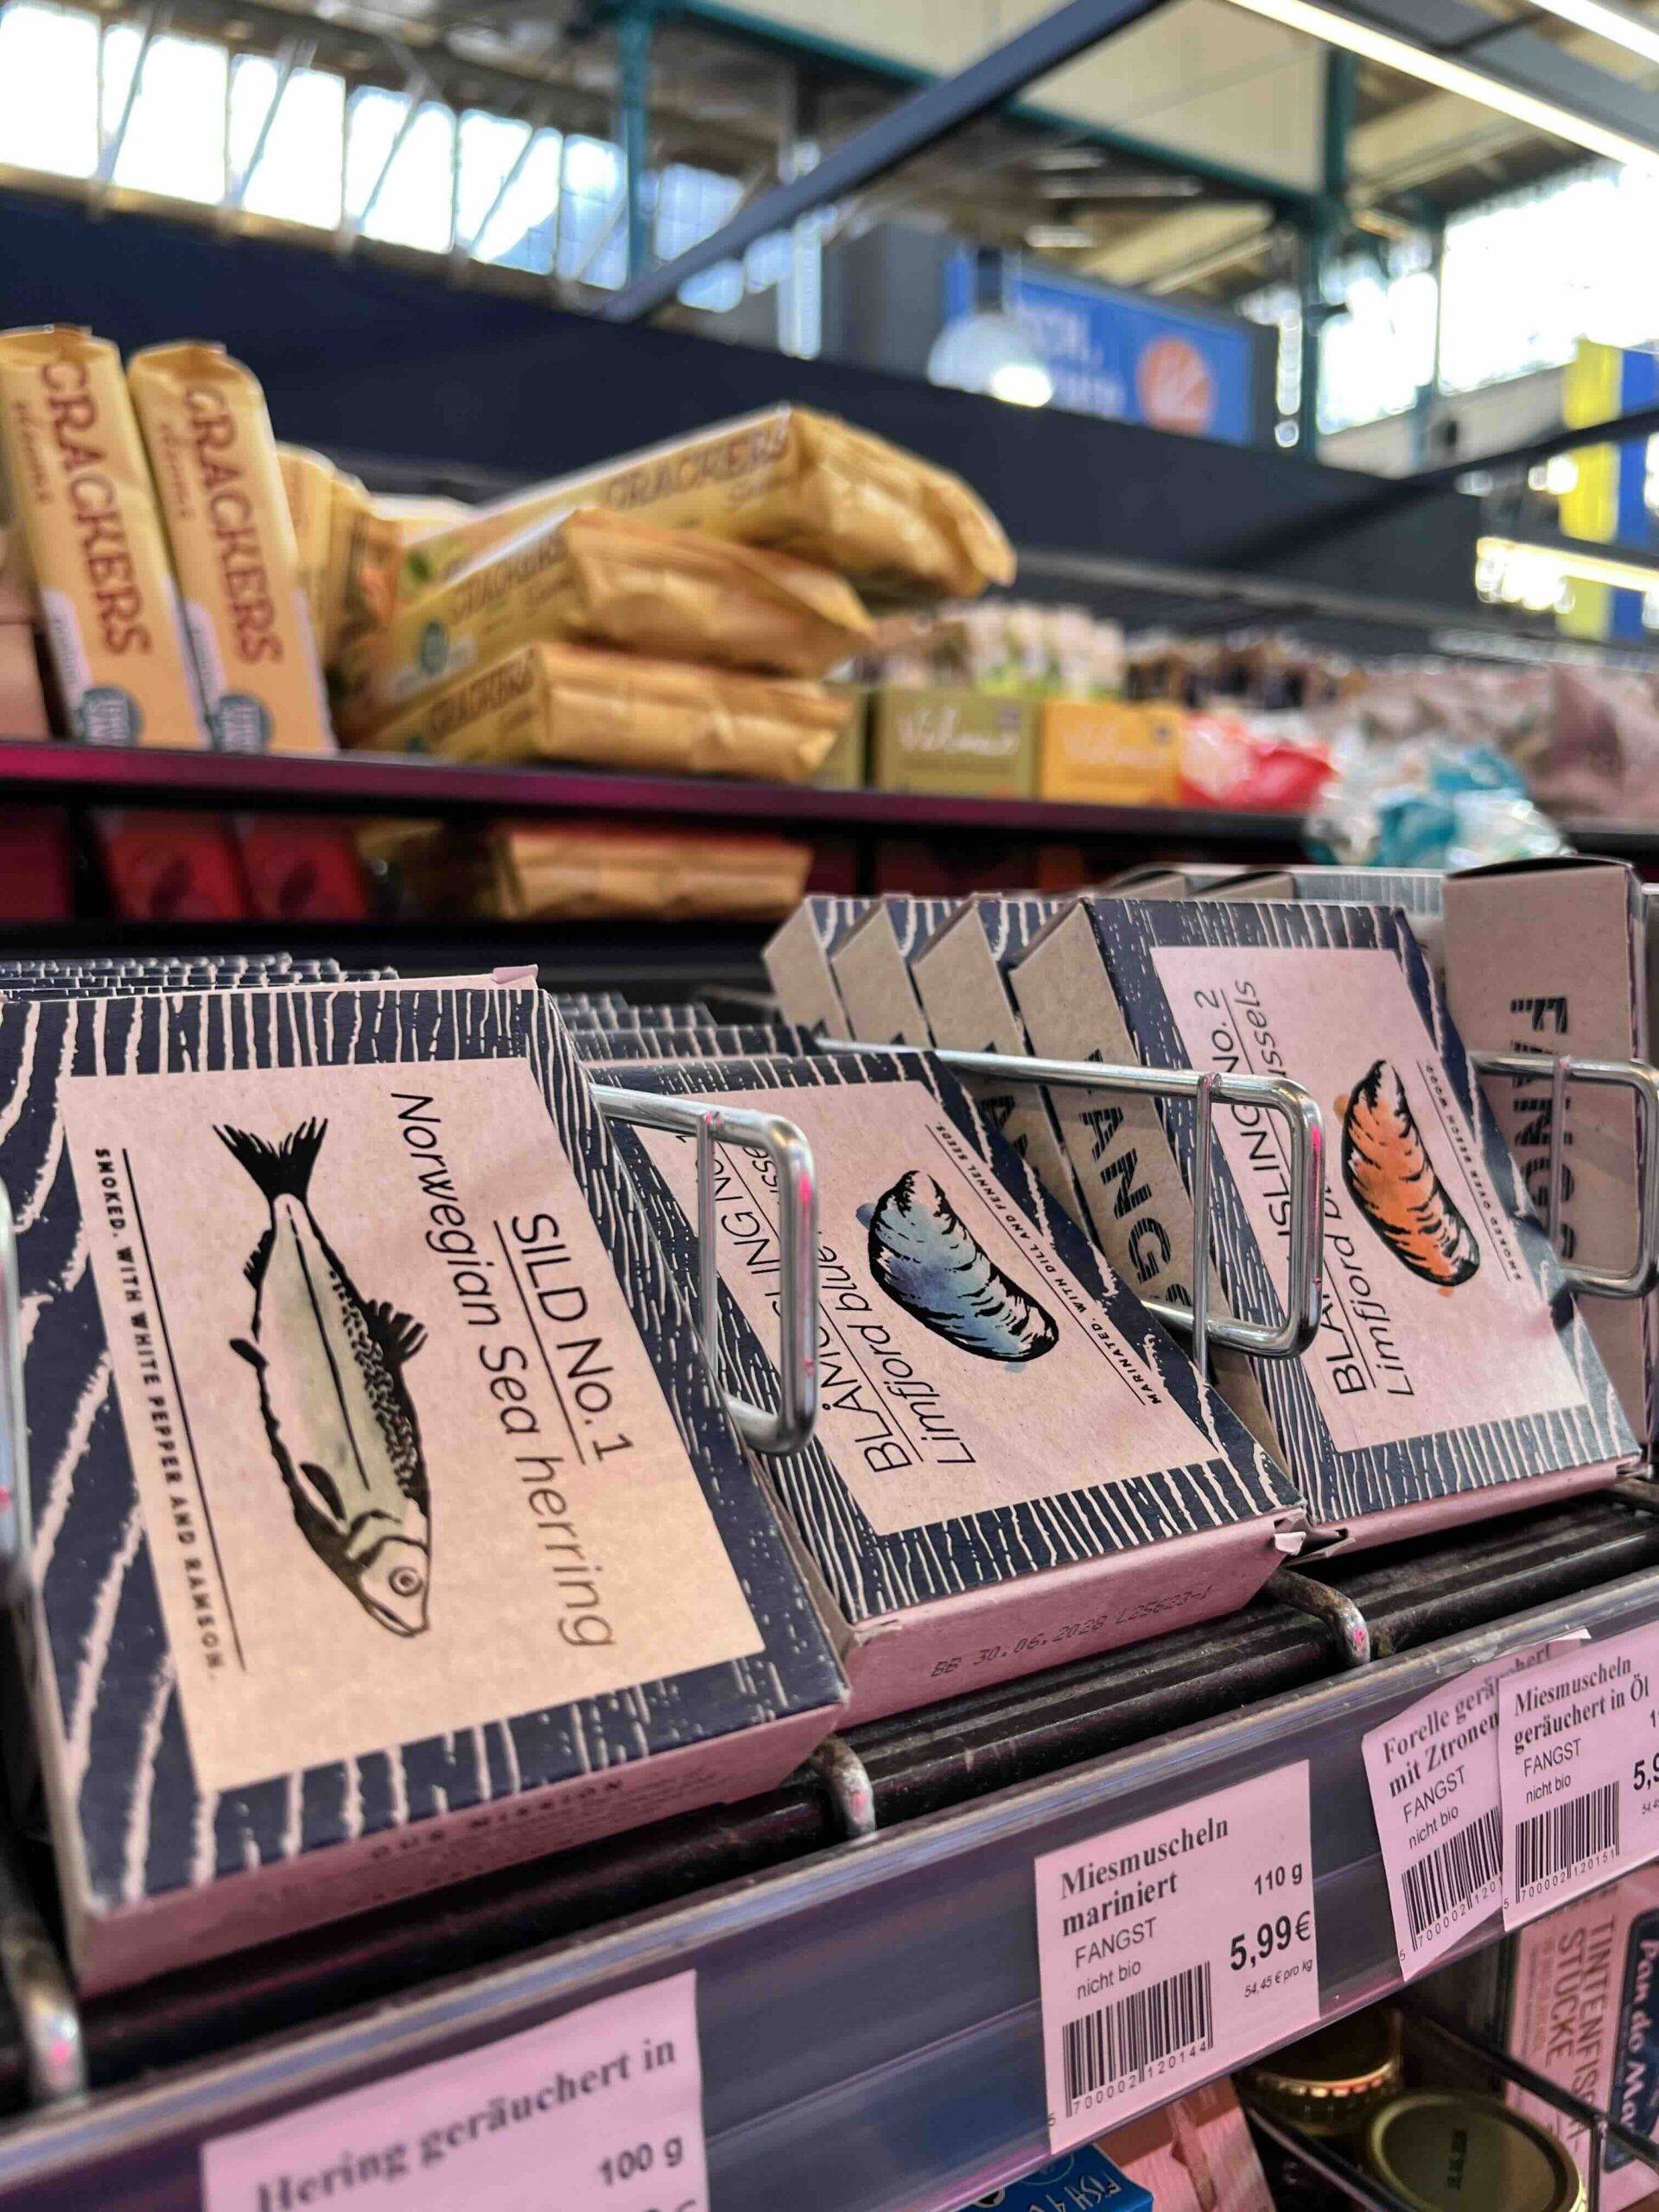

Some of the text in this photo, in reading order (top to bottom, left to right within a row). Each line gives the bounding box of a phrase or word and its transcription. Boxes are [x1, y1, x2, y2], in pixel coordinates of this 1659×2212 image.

[41, 362, 154, 657] CRACKERS
[182, 386, 285, 665] CRACKERS
[1194, 989, 1220, 1009] 2
[968, 1164, 1007, 1211] FENNEL
[1235, 980, 1414, 1396] Limfjord ssels
[1005, 1215, 1031, 1240] AND
[1030, 1243, 1057, 1273] DILL
[1231, 1104, 1367, 1395] BLSLING
[1054, 1278, 1087, 1313] WITH
[95, 1148, 126, 1237] SMOKED.
[117, 1246, 143, 1302] WITH
[130, 1312, 162, 1385] WHITE
[149, 1395, 182, 1484] PEPPER
[170, 1495, 196, 1545] AND
[512, 1211, 633, 1462] SILD No. 1
[818, 1245, 976, 1464] Limfjord blue
[1091, 1318, 1162, 1404] MARINATED.
[391, 1092, 617, 1647] Norwegian Sea herring
[1514, 1656, 1632, 1717] Miesmuscheln
[1514, 1672, 1649, 1756] geräuchert in Öl
[1383, 1710, 1449, 1764] Forelle
[1523, 1738, 1583, 1778] FANGST
[1389, 1761, 1421, 1797] mit
[1402, 1765, 1465, 1823] FANGST
[1525, 1783, 1554, 1804] nicht
[1554, 1773, 1572, 1794] bio
[1408, 1805, 1459, 1849] nicht bio
[1058, 1817, 1230, 1899] Miesmuscheln
[1521, 1872, 1567, 1901] 700002
[1062, 1862, 1304, 1937] mariniert 110 g
[1074, 1910, 1311, 1971] FANGST 5,99€
[1077, 1970, 1115, 2000] nicht
[1119, 1960, 1141, 1984] bio
[1283, 1966, 1300, 1984] pro
[1302, 1959, 1313, 1973] kg
[1628, 2010, 1654, 2055] do
[1072, 2075, 1136, 2115] 700002
[1147, 2040, 1206, 2078] 120144
[257, 2037, 676, 2212] Hering geräuchert in
[598, 2137, 683, 2185] 100 g

TRY IT:
Transcribe every record exactly and omit each image.

ANSWER TO THE PROBLEM:
Some of the text in this photo, in reading order (top to bottom, left to right within a row). Each line gives the bounding box of a phrase or word and its transcription. Boxes are [x1, y1, x2, y2], in pixel coordinates of this 1659×2212 image.

[41, 362, 154, 657] CRACKERS
[182, 386, 285, 665] CRACKERS
[1194, 989, 1220, 1009] 2
[968, 1164, 1007, 1211] FENNEL
[1235, 980, 1414, 1396] Limfjord ssels
[1005, 1215, 1031, 1240] AND
[1030, 1243, 1057, 1273] DILL
[1231, 1104, 1367, 1395] BLSLING
[1054, 1278, 1087, 1313] WITH
[95, 1148, 126, 1237] SMOKED.
[117, 1246, 143, 1302] WITH
[130, 1312, 162, 1385] WHITE
[149, 1395, 182, 1484] PEPPER
[170, 1495, 196, 1545] AND
[512, 1211, 633, 1462] SILD No. 1
[818, 1245, 976, 1464] Limfjord blue
[1091, 1318, 1162, 1404] MARINATED.
[391, 1092, 617, 1647] Norwegian Sea herring
[1514, 1656, 1632, 1717] Miesmuscheln
[1514, 1672, 1649, 1756] geräuchert in Öl
[1383, 1710, 1449, 1764] Forelle
[1523, 1738, 1583, 1778] FANGST
[1389, 1761, 1421, 1797] mit
[1402, 1765, 1465, 1823] FANGST
[1525, 1783, 1554, 1804] nicht
[1554, 1773, 1572, 1794] bio
[1408, 1805, 1459, 1849] nicht bio
[1058, 1817, 1230, 1899] Miesmuscheln
[1521, 1872, 1567, 1901] 700002
[1062, 1862, 1304, 1937] mariniert 110 g
[1074, 1910, 1311, 1971] FANGST 5,99€
[1077, 1970, 1115, 2000] nicht
[1119, 1960, 1141, 1984] bio
[1283, 1966, 1300, 1984] pro
[1302, 1959, 1313, 1973] kg
[1628, 2010, 1654, 2055] do
[1072, 2075, 1136, 2115] 700002
[1147, 2040, 1206, 2078] 120144
[257, 2037, 676, 2212] Hering geräuchert in
[598, 2137, 683, 2185] 100 g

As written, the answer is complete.